Ramon Sampedro no fue un caso único: el sufrimiento en el mundo parece exponencial, tal como lo demuestran las cifras de suicidio, el lento pero sostenido mal del que nadie quiere hablar. Durante la conversación posterior a la proyección de la obra, me acompañaron un médico y una psicóloga: narraron historias cotidianas de personas que, en circunstancias parecidas a las de Ramón Sampedro, enfrentaban situaciones cotidianas de dolor y sufrimiento constante, por lo que ambos estaban a favor de la eutanasia como alternativa.
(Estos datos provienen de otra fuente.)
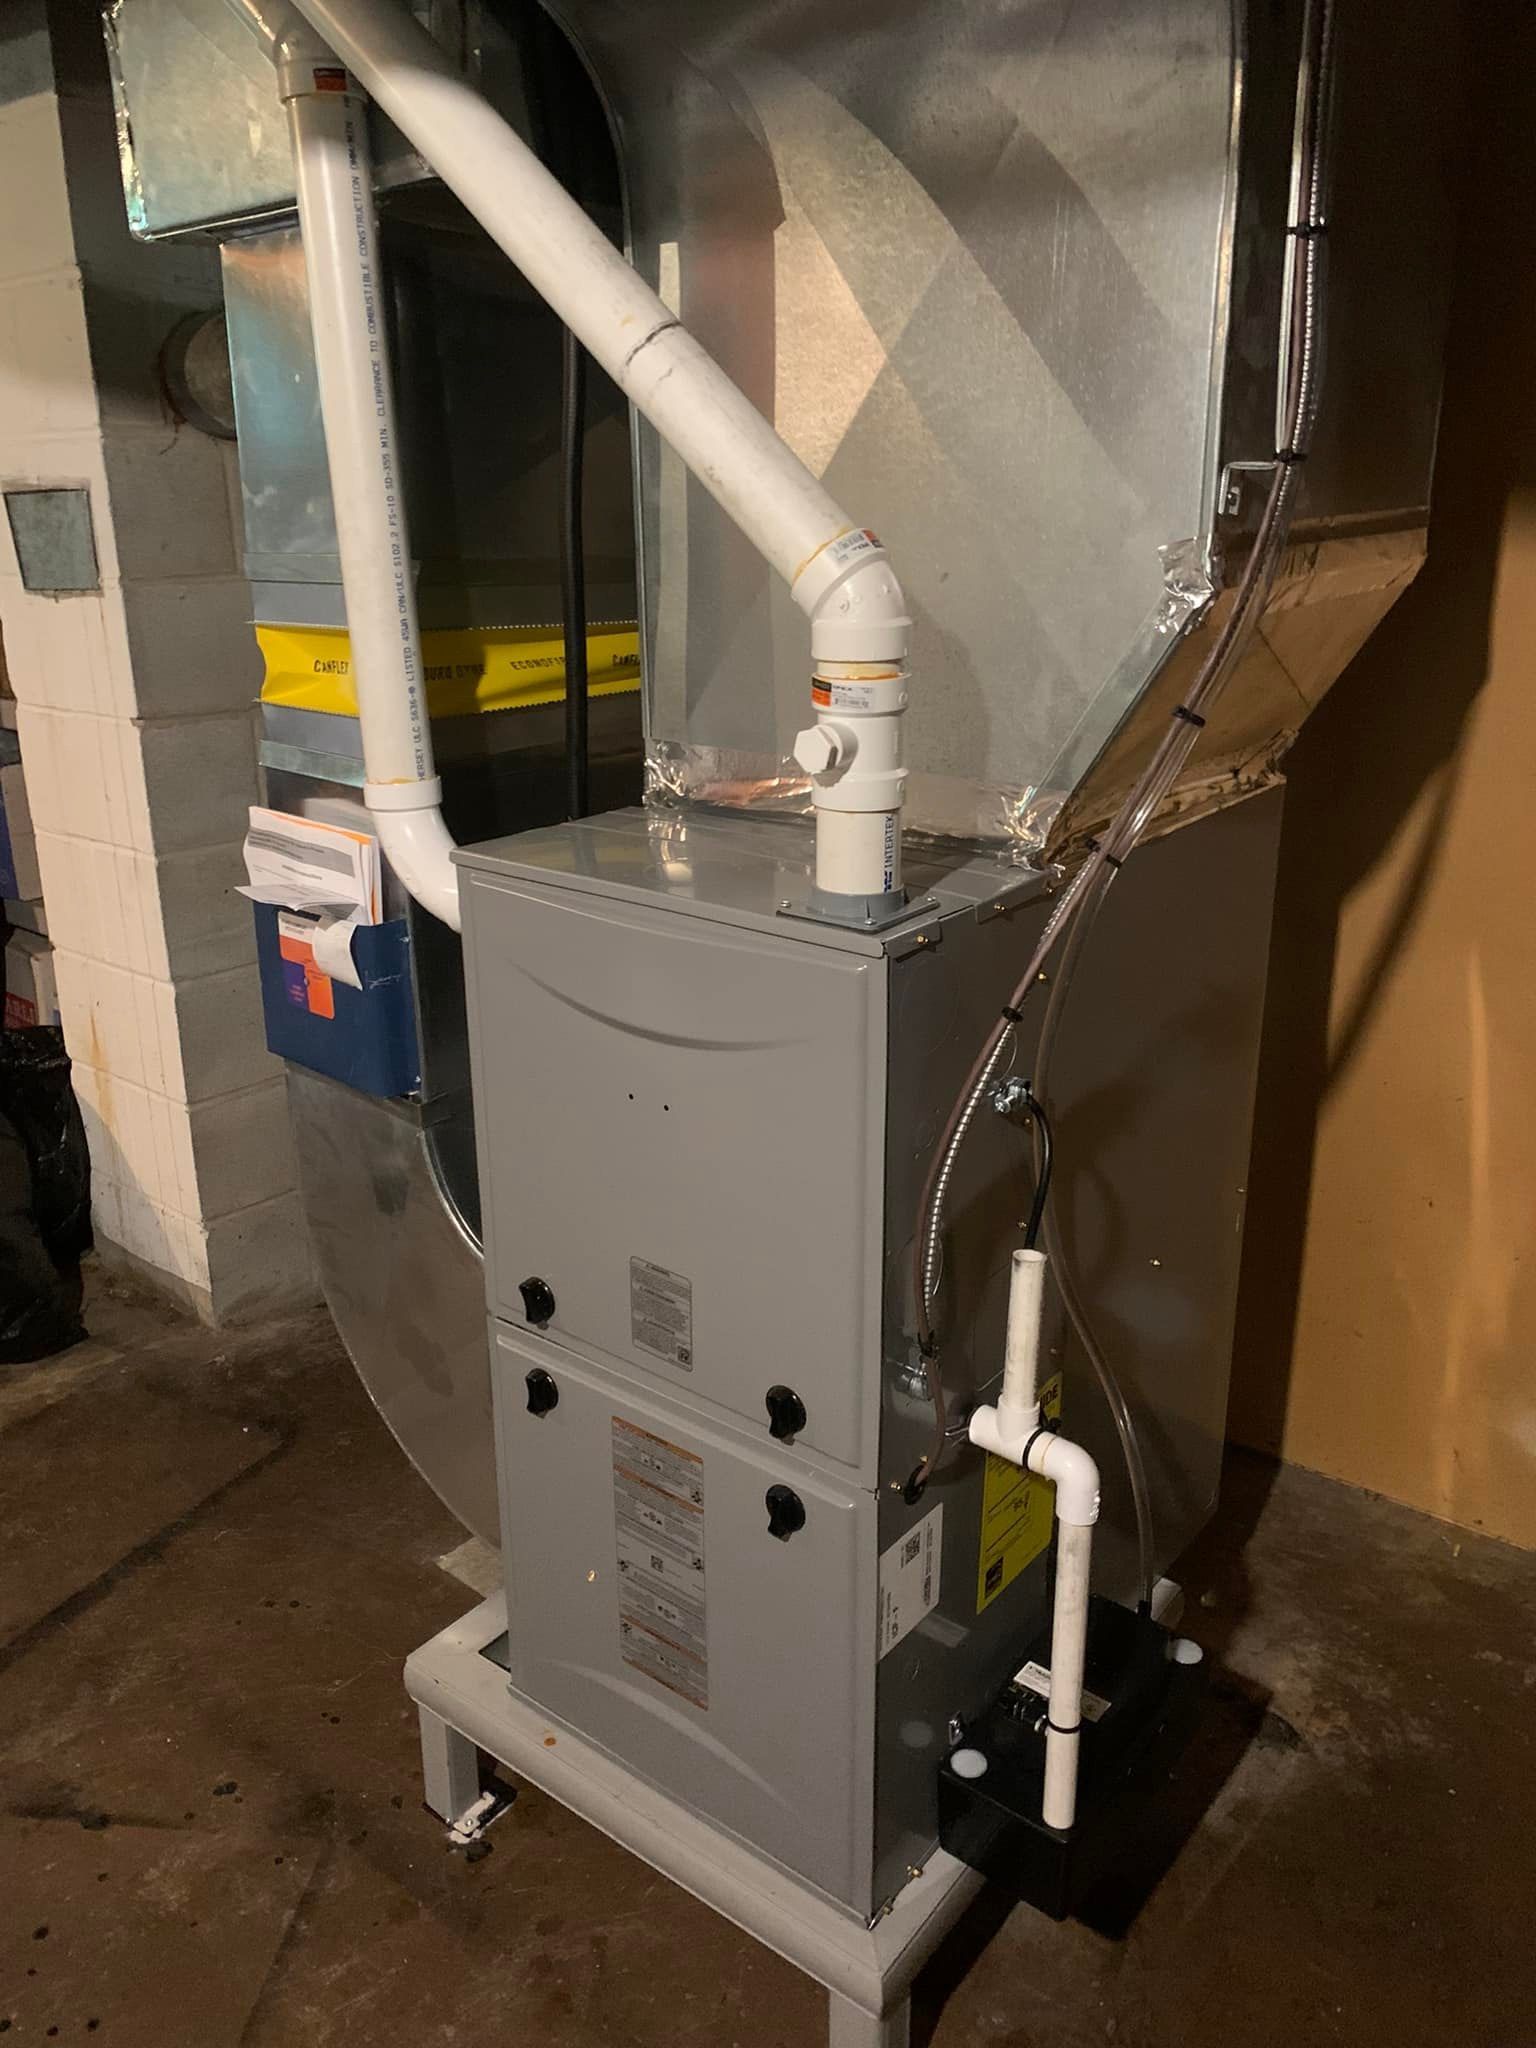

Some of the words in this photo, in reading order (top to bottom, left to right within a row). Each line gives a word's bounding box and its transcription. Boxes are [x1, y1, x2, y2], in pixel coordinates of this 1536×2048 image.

[351, 176, 369, 257] CONSTRUCTION
[360, 263, 377, 334] COMBUSTIBLE
[369, 341, 379, 353] TO
[371, 360, 386, 417] CLEARANCE
[380, 424, 389, 448] MIN.
[395, 573, 407, 613] CAN/ULC
[403, 647, 415, 681] LISTED
[884, 815, 894, 869] INTERTEK
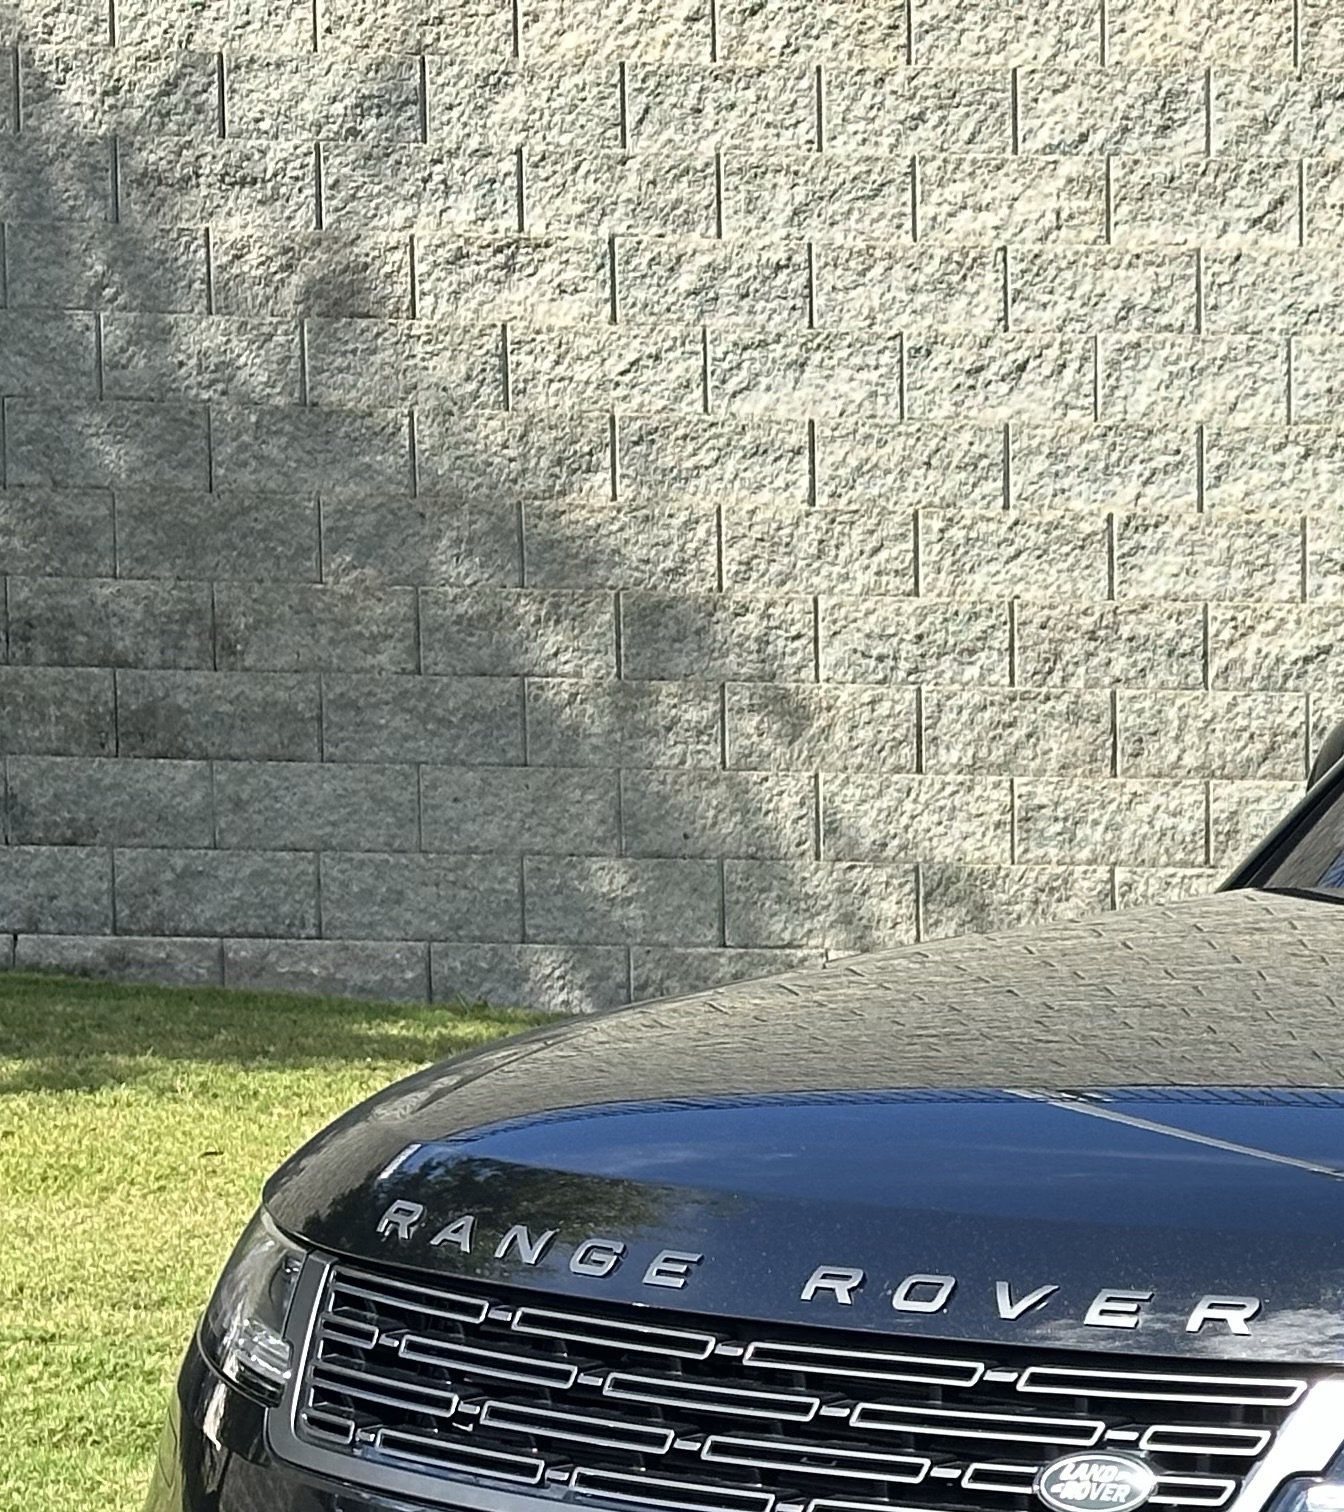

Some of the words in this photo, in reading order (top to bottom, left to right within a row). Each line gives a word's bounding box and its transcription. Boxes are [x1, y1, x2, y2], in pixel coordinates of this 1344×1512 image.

[376, 1198, 706, 1291] RANGE
[799, 1264, 1264, 1338] ROVER
[1059, 1462, 1119, 1483] LAND
[1059, 1480, 1132, 1503] ROVER
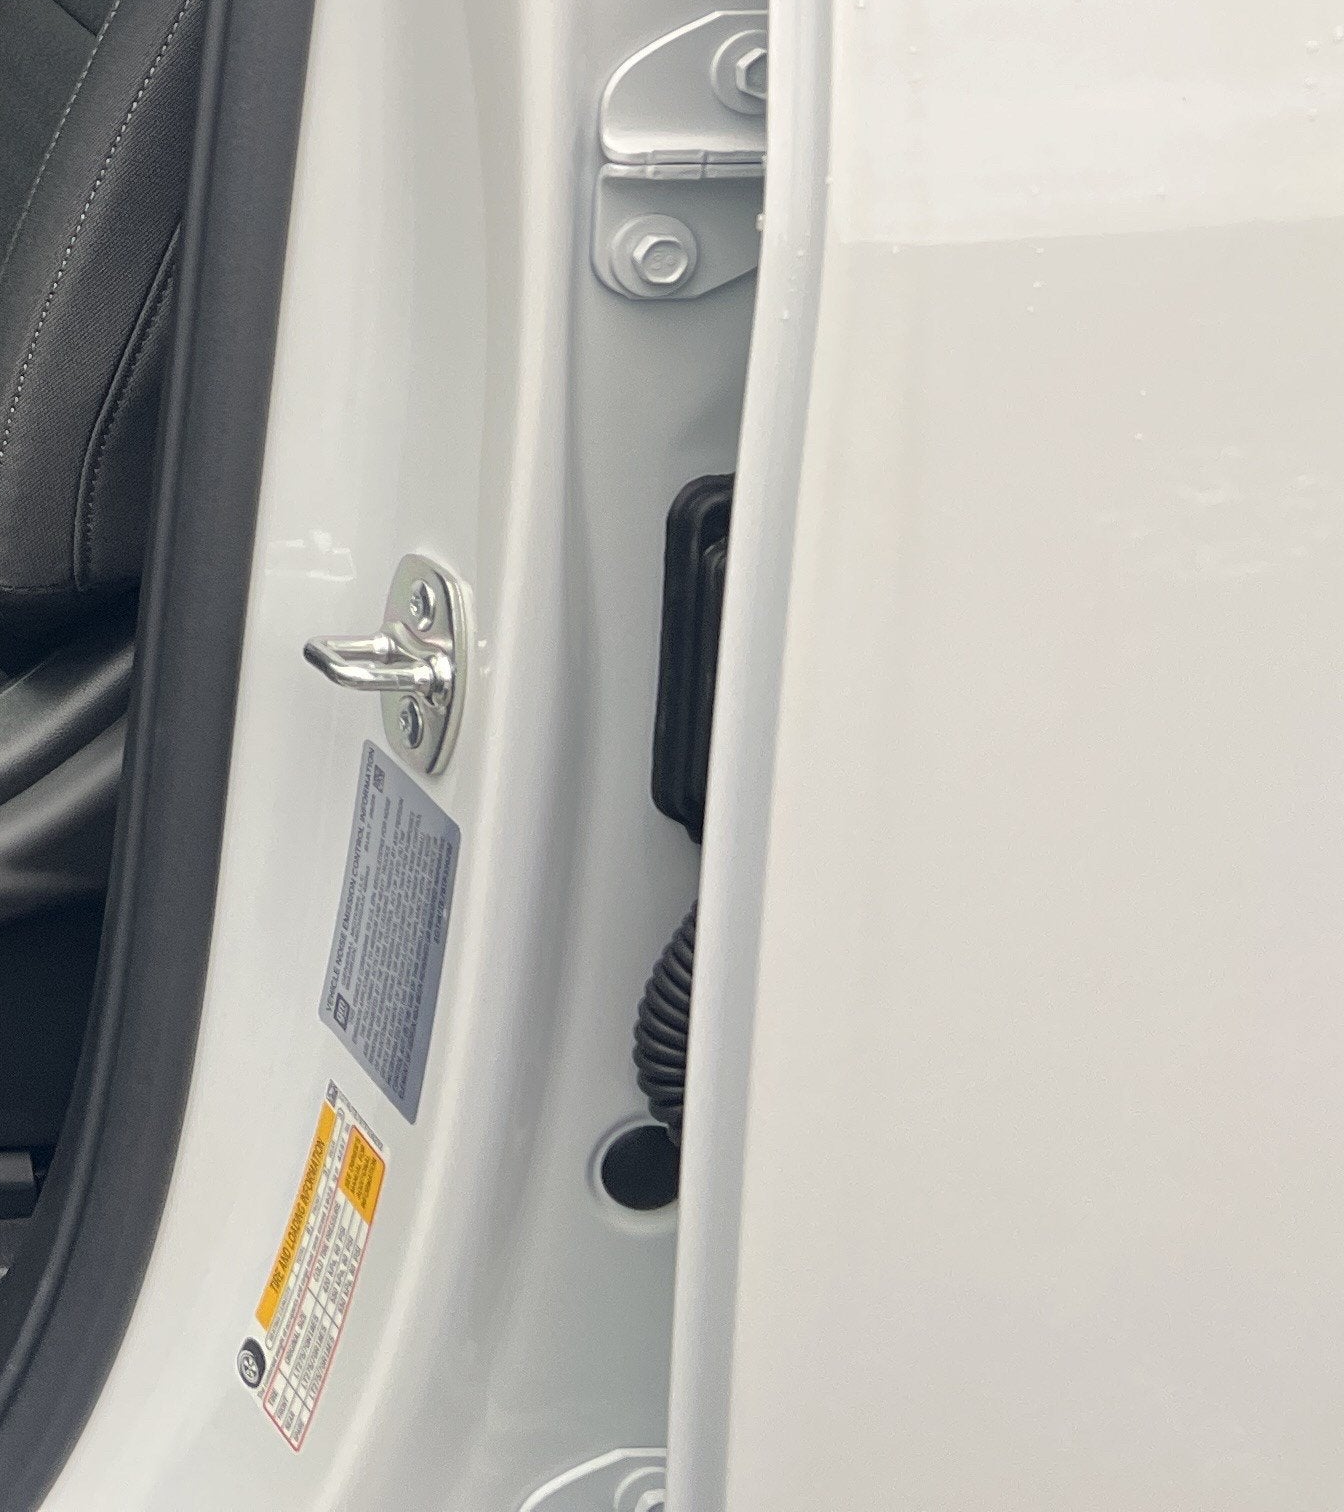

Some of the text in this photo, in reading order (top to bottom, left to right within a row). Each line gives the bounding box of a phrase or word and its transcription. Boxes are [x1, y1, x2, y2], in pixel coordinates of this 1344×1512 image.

La psicóloga enfocó el problema desde la salud mental, afirmó categóricamente que, en nuestro país, no existen políticas públicas para atender los problemas de salud mental que padecemos. La violencia desbordada, la precaria situación laboral de muchas familias, la desintegración familiar, el caos vehicular constante, son algunas de las muchas problemáticas que inciden en la calidad de vida y en la salud mental de la sociedad guatemalteca. Especialmente, porque el modelo político corrupto y excluyente que se construyó se alimenta del dolor y de la muerte: mientras más tragedias ocurran, más fondos públicos se destinarán a paliar sus efectos, con lo que habrá más oportunidades para «repartir» las sobras de las obras.
Cuando veía la obra, recordé una colega socióloga a quién asesoré en su tesis de licenciatura, trataba el tema del suicidio. La temática era importante para ella, debido a que su mejor amiga lo había cometido. Durante el desarrollo de su trabajo, se acercó a diferentes casos de jóvenes que habían decidido terminar su vida, descubrió un legado de silencio y negación, haciendo evidente que, en nuestro país, aún no hay condiciones para abordar ni mucho menos mitigar el problema. Por eso, recordé las palabras con las que empezaba el trabajo académico de mi colega; una frase contundente, heredada de la amiga muerta: «No es locura, es exceso de lucidez».